4.4. Data Treatment and Statistical Analysis

Statistical analysis and plots were performed in R software [45]. A two-factor analysis of variance (ANOVA) was used to compare dissolved and particulate DA concentrations (extra- and intracellular fractions, respectively), among experimental treatments (“Tr”: fixed, four levels, +0Fe; +1.7Fe; +10Fe; +11,700Fe) and sampling times; (“Tm”: fixed, four levels, 4; 8; 17; 30 days, crossed with treatments) in Experiment 1, and among Tr (fixed, five levels, +0Fe; +1.7Fe; +10Fe; +11,700Fe; +1.7Fe+Psm) and Tm (fixed, four levels, 4; 8; 17; 30 days, crossed with treatments) in Experiment 2. For those terms in ANOVA that were found to be significant at p < 0.05, means were compared using Student–Newman–Keuls (SNK) tests. Normality and homoscedasticity assumptions were verified using Shapiro–Wilk and Cochran tests, respectively, and data were transformed to ln(x + 1) when necessary. ANOVAs and SNK tests were performed using package GAD [46] in R.

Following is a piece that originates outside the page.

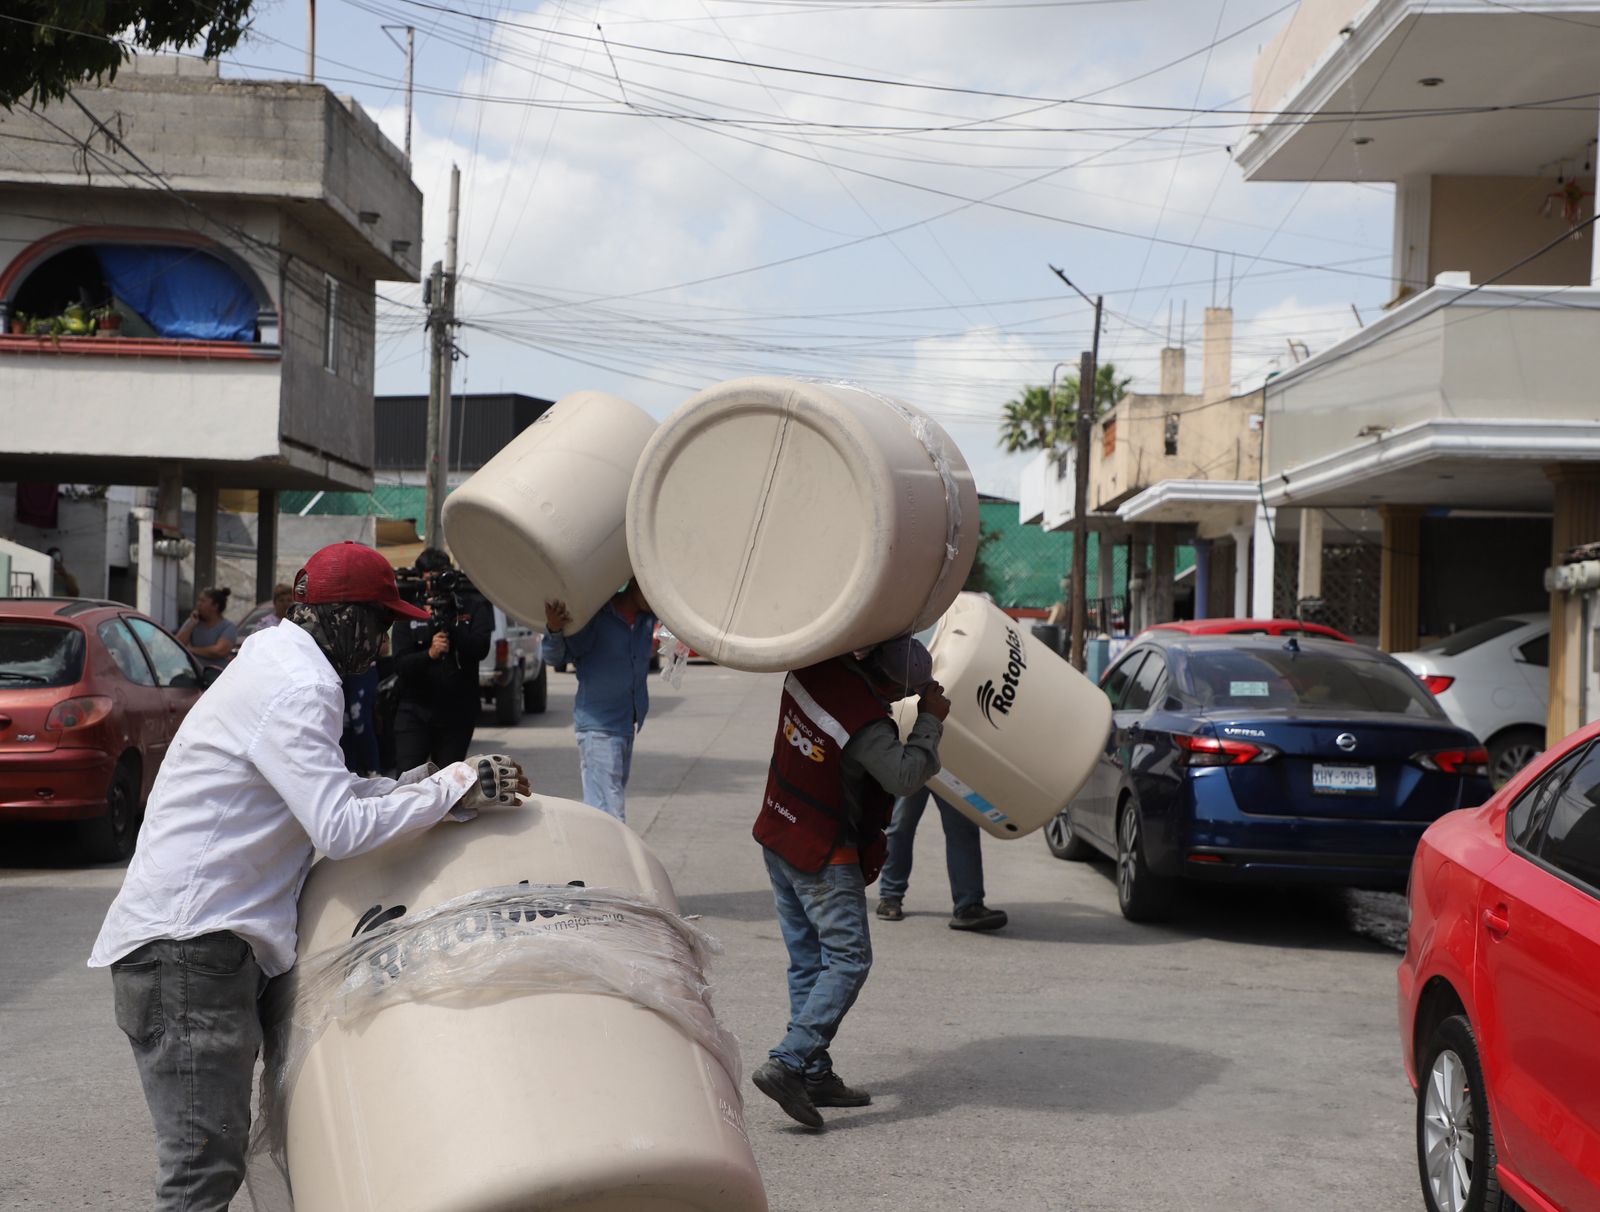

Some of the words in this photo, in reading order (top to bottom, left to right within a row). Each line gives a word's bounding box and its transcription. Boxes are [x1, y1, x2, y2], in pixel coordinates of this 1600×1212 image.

[991, 626, 1028, 716] Rotoplas
[1224, 727, 1266, 737] VERSA
[554, 914, 592, 932] mejor
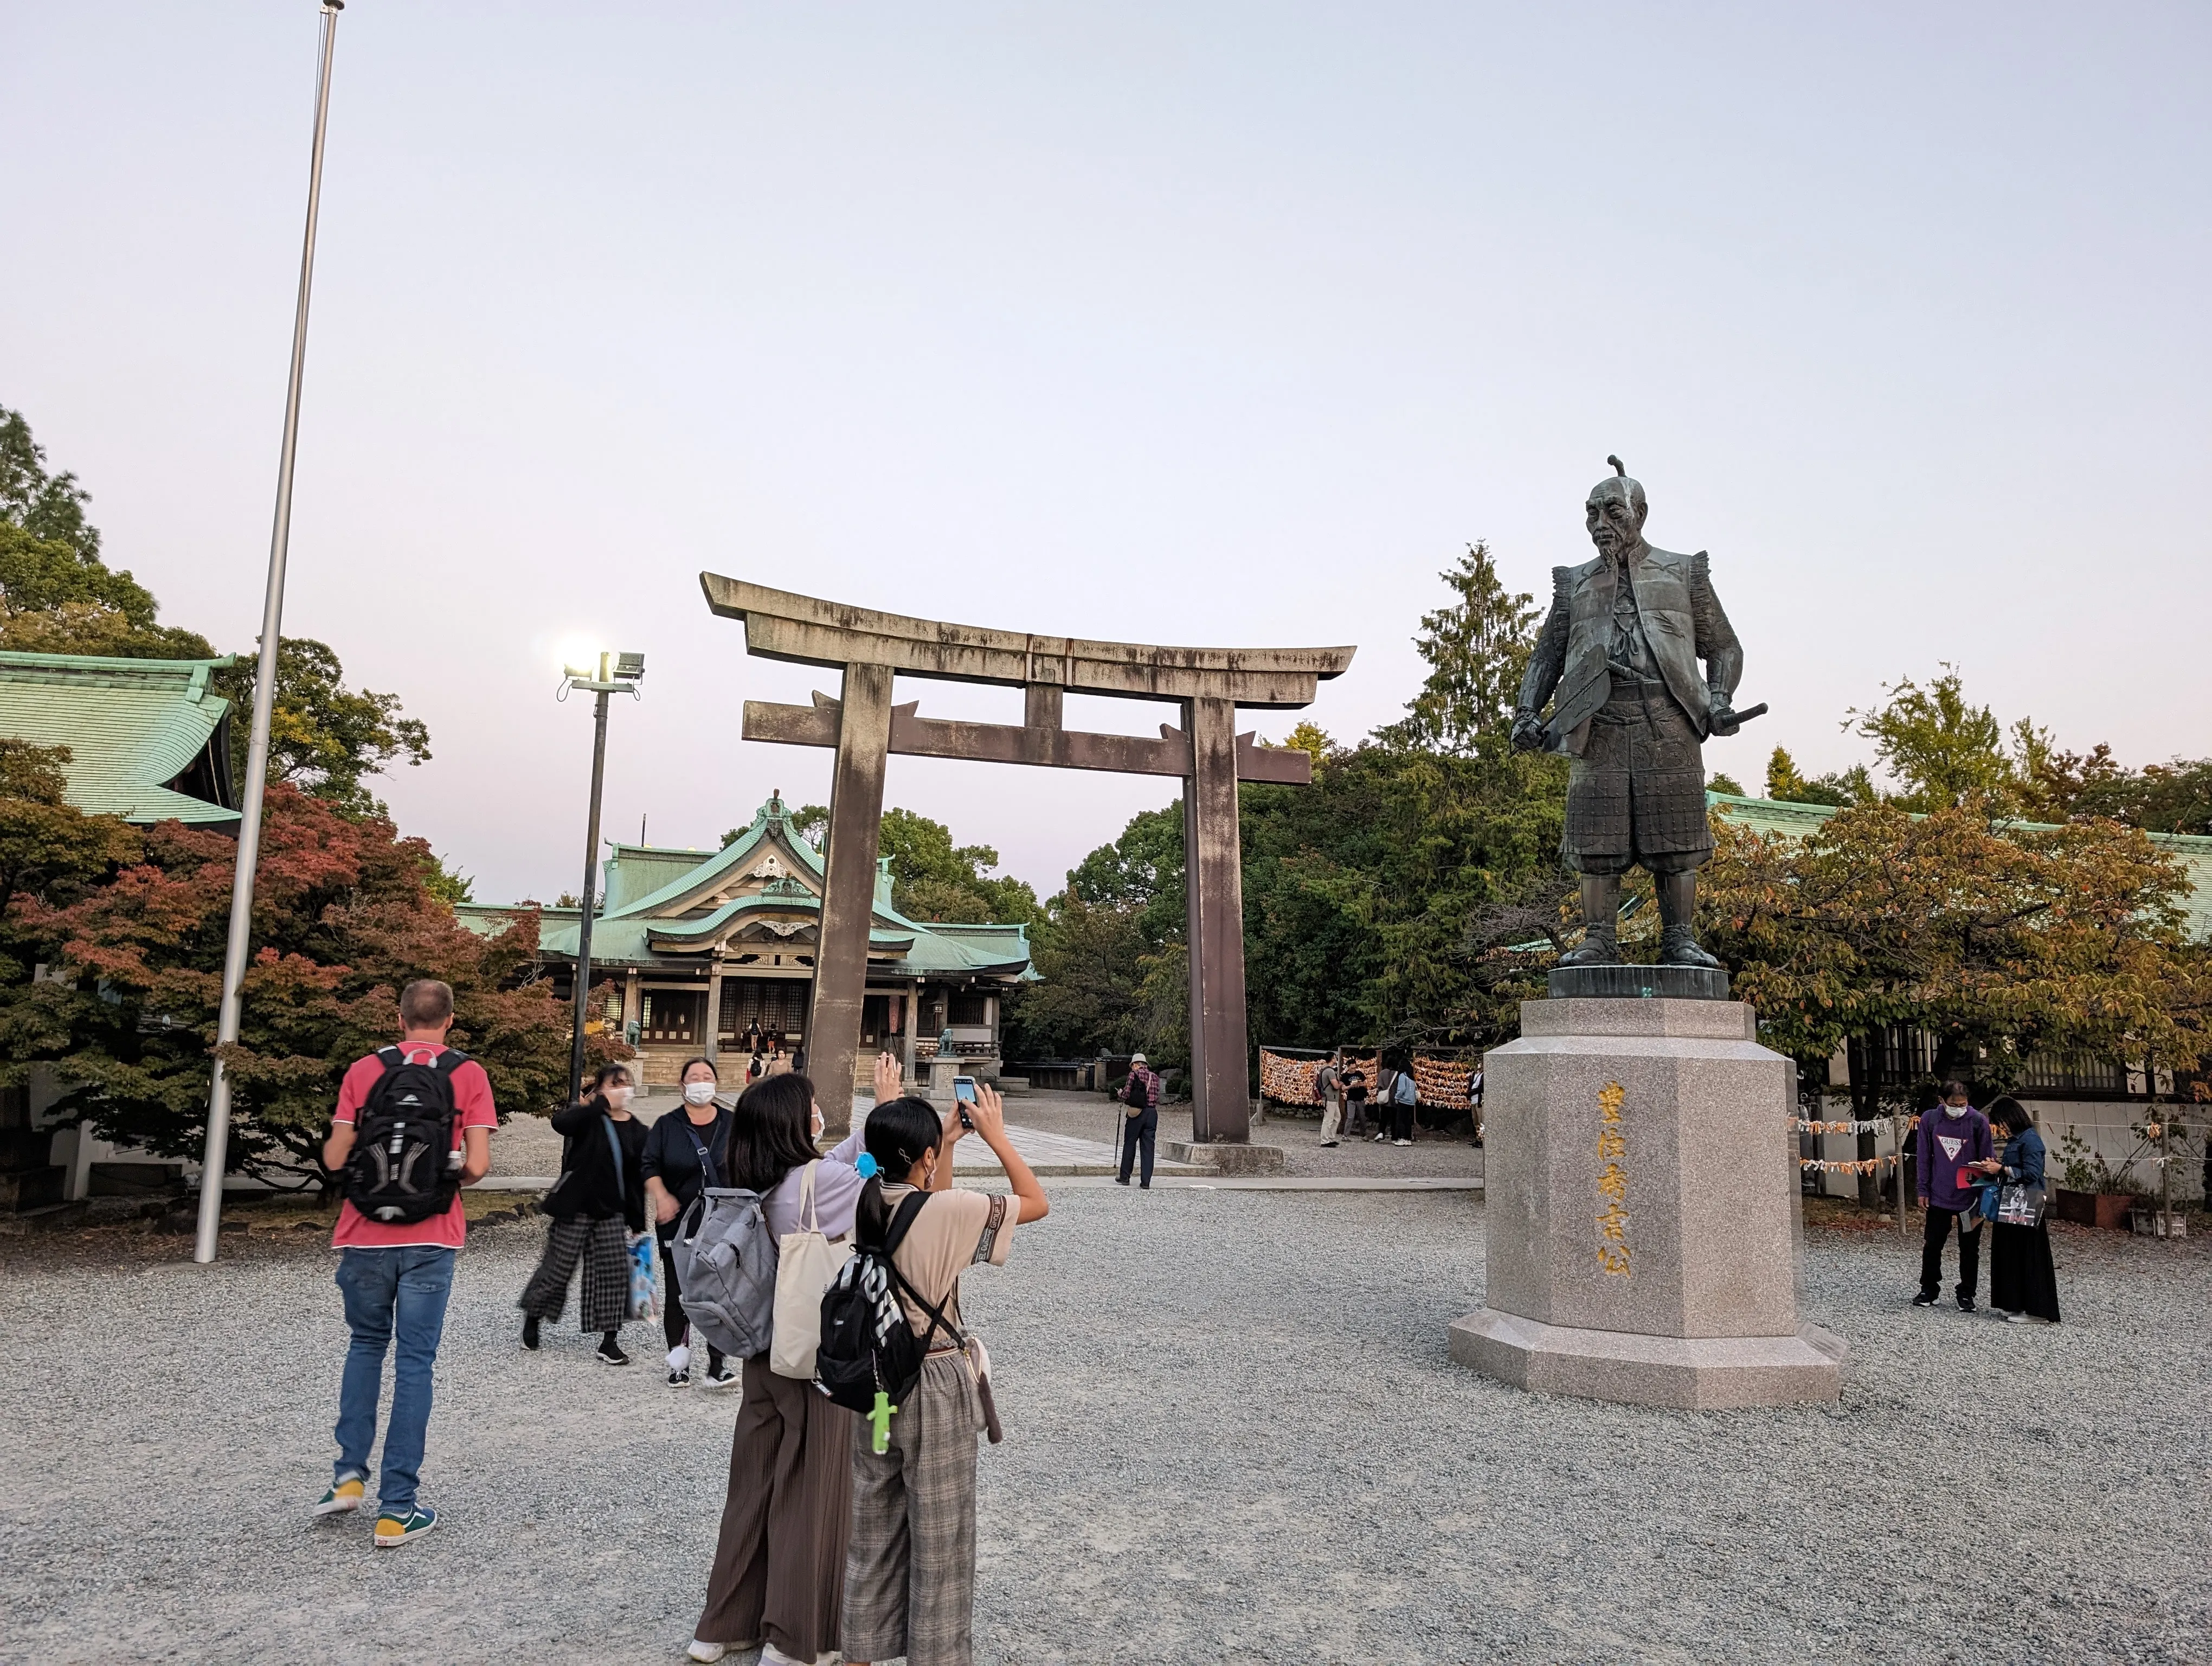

The maximum exponential growth rates (µ, d⁻¹) were determined for Experiment 1 and Experiment 2 by the formula µ = [ln(n₁) − ln(n₀)]/(t₁ − t₀), where ln(n₁) and ln(n₀) are the natural logarithms of the cell densities (cell·mL⁻¹) at the end (t₁, d) and beginning (t₀, d) of the exponential phase for each treatment. Additionally, in order to facilitate the comparison across all treatments, the exponential growth rate was also calculated between the days 0 and 8 (µ_0–8), when cells were still multiplying exponentially in all cultures. Exponential growth rates (µ_0–8 and µ) and cell densities from both Experiment 1 and Experiment 2 were individually compared among experimental treatments using a one-factor ANOVA. Assumptions checks and post-hoc comparisons of means were conducted as described for the statistical analysis on DA concentrations.

Generalized additive models (GAMs) were adjusted for P. multiseries and Bacillaria sp. cell densities using culture days and treatments as explanatory variables. Models were fitted using penalized cubic regression splines [47] in the mgcv package [38] of the R language. Two candidate models were adjusted: (i) one including the interaction between days (numerical predictor) and treatments (categorical predictor); and (ii) one without the interaction between days and treatments. Models were compared by an F-test and goodness of fit was assessed using Akaike Information Criteria (AIC). For both P. multiseries and Bacillaria sp. cell densities, the model that included the interaction was a better fit. Graphical diagnostics obtained with the gam.check() command in mgcv were used for model validation, in accordance with Zuur et al. [47].

5. Conclusions

The results from a series of laboratory experiments presented herein highlighted the great ability of two pennate diatoms, the domoic acid-producing Pseudo-nitzschia multiseries and the non-toxic Bacillaria sp., to survive and grow under low concentrations of iron. Moreover, the present study was the first to investigate the effects of different iron concentrations on the production and release of DA over the entire growth cycle of Pseudo-nitzschia multiseries in static cultures. Our results indicate that Fe is important for DA synthesis, since higher intracellular amounts of DA were detected in the cultures that received the addition of higher iron concentrations. Finally, the growth of Bacillaria sp. was inhibited by the presence of dissolved compounds originating from a P. multiseries culture, indicating, for the first time, an allelopathic effect of compounds released by Pseudo-nitzschia on another diatom species.